I’ll mention later how I was drawn into the study of war, but my background prepared me for it in several ways. I’m an evolutionary biologist, with a Ph.D. from UCLA. What’s relevant to the study of war is that my areas of specialization are in communication, conflict resolution, gender differences, and primate behavior (including human behavior). The fancy name for the study of animal behavior is “ethology.” Since I’ve been studying war and peace from this perspective for the last 15 or so years, I’m am now also officially a Peace Ethologist. Additionally, as an undergraduate major in cultural anthropology, I studied non-patriarchal and nonviolent cultures.

Hand_Shift The Beginning

I put the results of my work on war and peace into this book. Also relevant is that I’m a published novelist, which I mention briefly later.

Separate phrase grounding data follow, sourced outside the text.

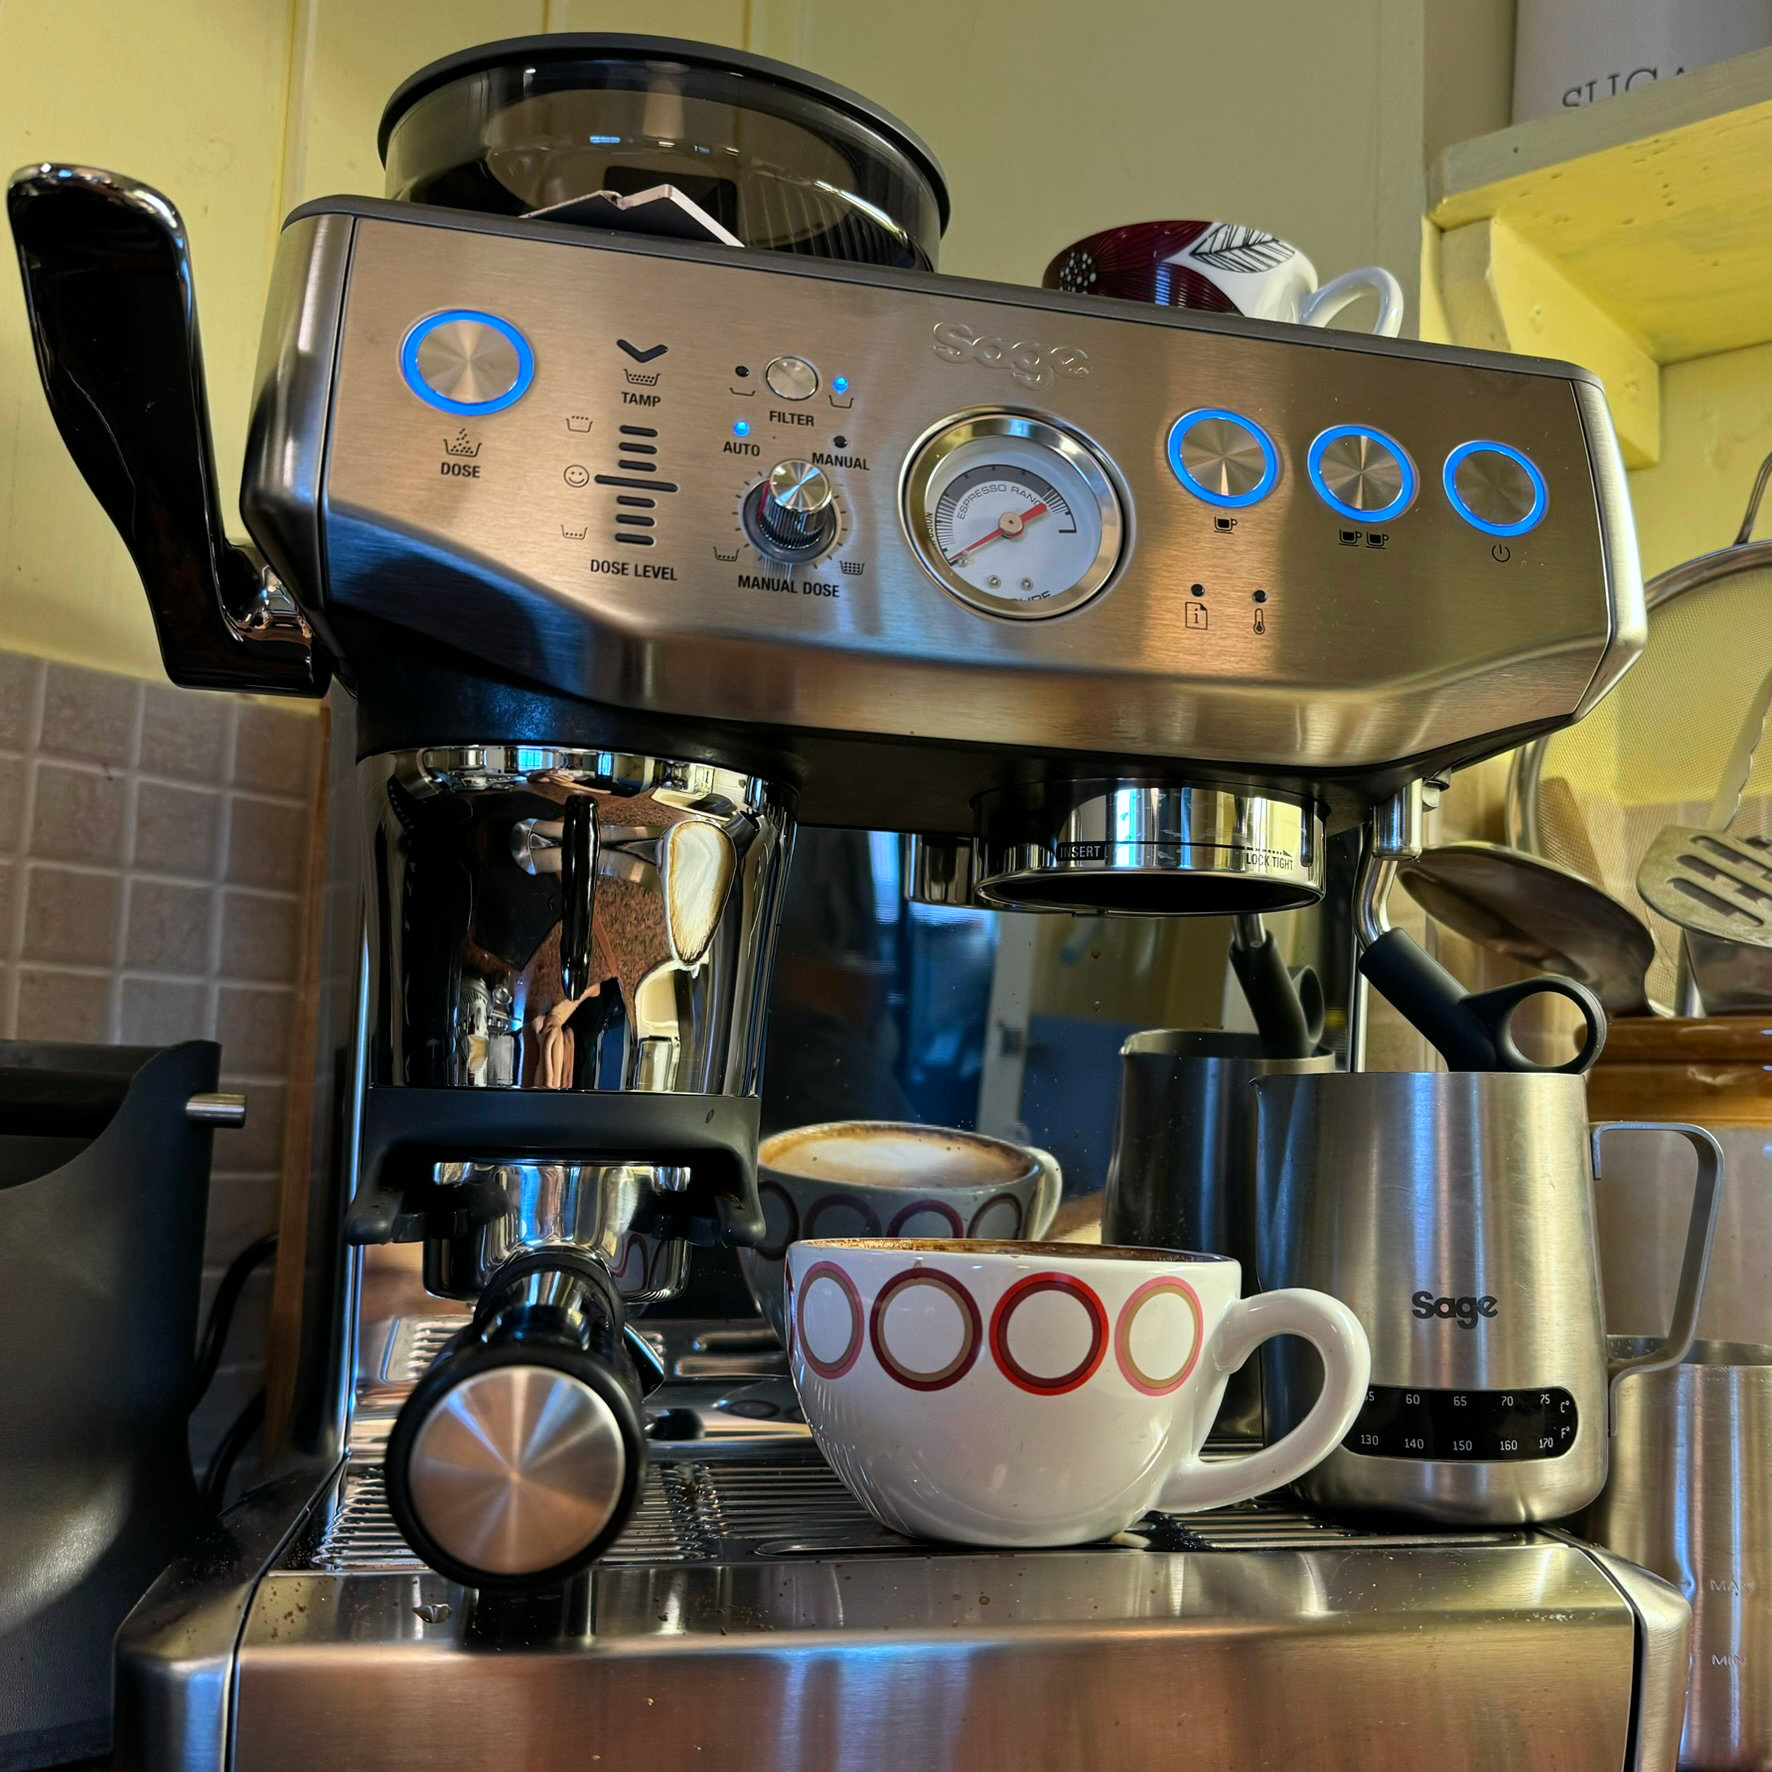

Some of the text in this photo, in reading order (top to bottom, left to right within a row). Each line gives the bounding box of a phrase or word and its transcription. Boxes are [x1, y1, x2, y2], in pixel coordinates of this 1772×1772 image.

[932, 321, 1090, 391] Sage
[620, 391, 661, 407] TAMP
[769, 410, 815, 427] FILTER
[723, 441, 761, 457] AUTO
[812, 452, 870, 471] MANUAL
[440, 462, 481, 479] DOSE
[956, 483, 1007, 520] ESPRESSO
[590, 559, 678, 581] DOSE LEVEL
[737, 574, 841, 598] MANUAL DOSE
[1060, 845, 1102, 859] INSERT
[1246, 852, 1294, 871] LOCK TIGHT
[1411, 1290, 1499, 1330] Sage
[1405, 1393, 1421, 1405] 60
[1453, 1395, 1468, 1407] 65
[1501, 1395, 1514, 1407] 70
[1540, 1393, 1551, 1405] 75
[1360, 1434, 1379, 1446] 130
[1404, 1438, 1425, 1450] 140
[1452, 1440, 1473, 1451] 150
[1500, 1440, 1518, 1451] 160
[1539, 1437, 1554, 1449] 170
[1711, 1654, 1747, 1666] MIN

Lest we wander astray into other aspects of human lethal behavior, WAR needs to be defined as I use it. Murder is not war. Revenge killings of specific individuals, if you will, feuding over particular grievances, is not war.  War is when people (overwhelmingly men) band together to indiscriminately kill people in another group and the community’s noncombatants and religious leaders sanction their actions. It’s the sanctioned banding together to kill indiscriminately that distinguishes war from other forms of killing. We’re NOT going to erase murder and revenge anytime soon…these go way way back into human experience, maybe even before we became humans. We’re only considering the potential to abolish war.

StarTrekFuture

Now imagine a Star Trek Future. In the TV show’s first year or so we were never on Earth. But what we knew about the Starship Enterprise’s crew was that on their home world there was no money, no poverty, and no war. They were clearly using their resources to invent and do fabulous things, like mounting starships to explore the galaxy. What we’re considering is whether that kind of Gene Roddenberry vision of an amazing and positive Homo sapiens future is completely out of the question?

Although we’ll be exploring the potential for a positive future, what is presented here is presented against the backdrop of the belief of many that it’s entirely possible onrushing violent movements like ISIS, or a mistaken triggering of a nuclear war, or some totally unpredictable event like a global pandemic could plunge us into a new “dark age” or “Mad Max” future of perpetual war. We are arguably in a race against time and possible misfortune. To stop what we don’t want and build what we do, realism, not wishful thinking, is required. So we’ll be seeking enlightenment and examining positive potential, with the understanding that nothing is guaranteed.

Six kinds of evidence are presented to support the view that we can end war:

  • First we tackle immediately the idea that war is “part of human nature,” a genetically determined, inescapable trait. Something we could only eliminate, for example, if we performed generations of selective breeding for less violent males. To put that idea to rest we look first at cultures that tell us about our deep evolutionary past, namely those of nomadic foragers…often referred to as hunter-gatherers.
  • Then we look at internally peaceful, more complex state-level cultures, ancient and modern.
  • We then review six key historical shifts that set us up to end war.
  • We consider the existence of and facilitating conditions for peace systems.
  • Some examples of rapid cultural change serve to counteract the notion that ending war would take hundreds of years.
  • Finally, we’ll look at a few of an impressive number of recent historical changes that are already moving us in the direction of a global peace system.

So we begin with the nomadic foragers to tackle the issue of genetic inevitability. This is because these people are our best window into our deep human past; they reflect how Homo sapiens likely lived for hundreds of thousands of years of behavioral evolution, before we started living in settlements or villages. These were the eons during which we evolved to be what we are today.